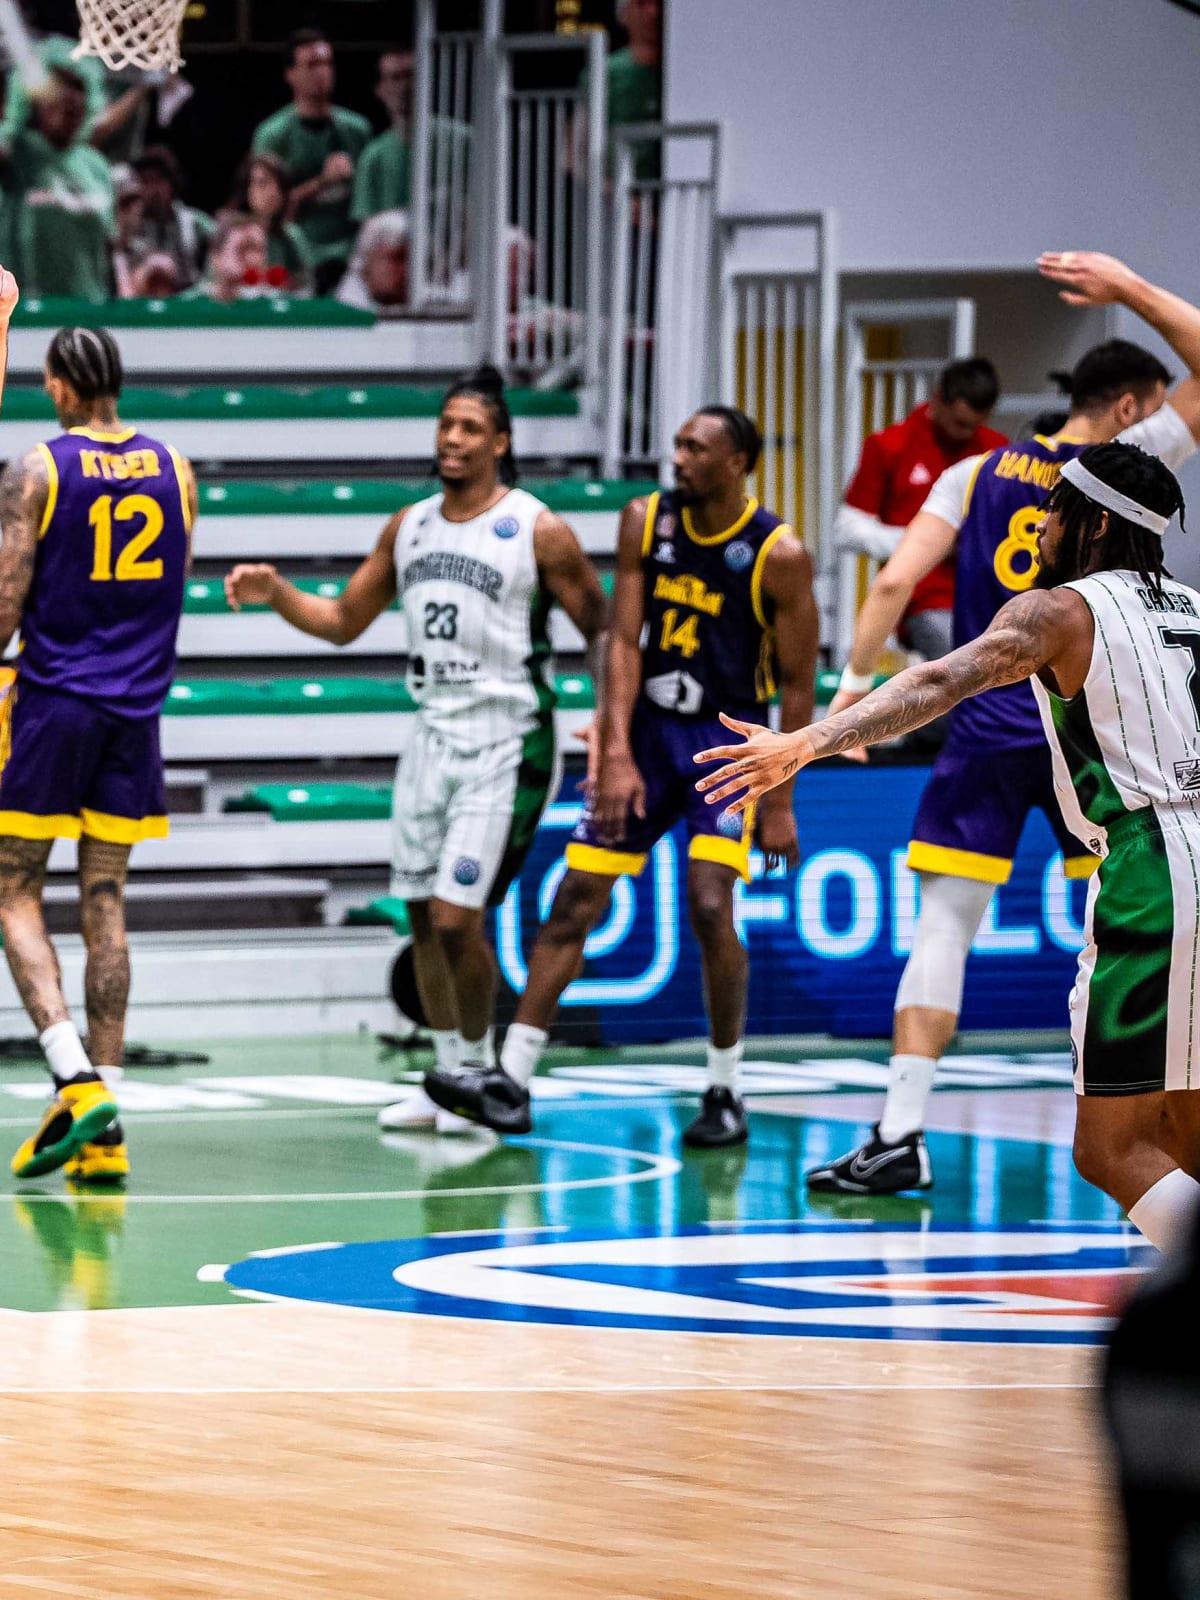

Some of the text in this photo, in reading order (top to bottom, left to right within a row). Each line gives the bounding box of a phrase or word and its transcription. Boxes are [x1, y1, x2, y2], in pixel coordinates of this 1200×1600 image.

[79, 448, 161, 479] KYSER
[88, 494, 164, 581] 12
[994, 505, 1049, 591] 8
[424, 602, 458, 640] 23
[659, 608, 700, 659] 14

> _Exercise brief_
Leave out the images and copy all remaining data word for word.

> _Result of the task_
Some of the text in this photo, in reading order (top to bottom, left to right within a row). Each line gives the bounding box of a phrase or word and its transcription. Boxes are [x1, y1, x2, y2], in pixel coordinates of this 1200×1600 image.

[79, 448, 161, 479] KYSER
[88, 494, 164, 581] 12
[994, 505, 1049, 591] 8
[424, 602, 458, 640] 23
[659, 608, 700, 659] 14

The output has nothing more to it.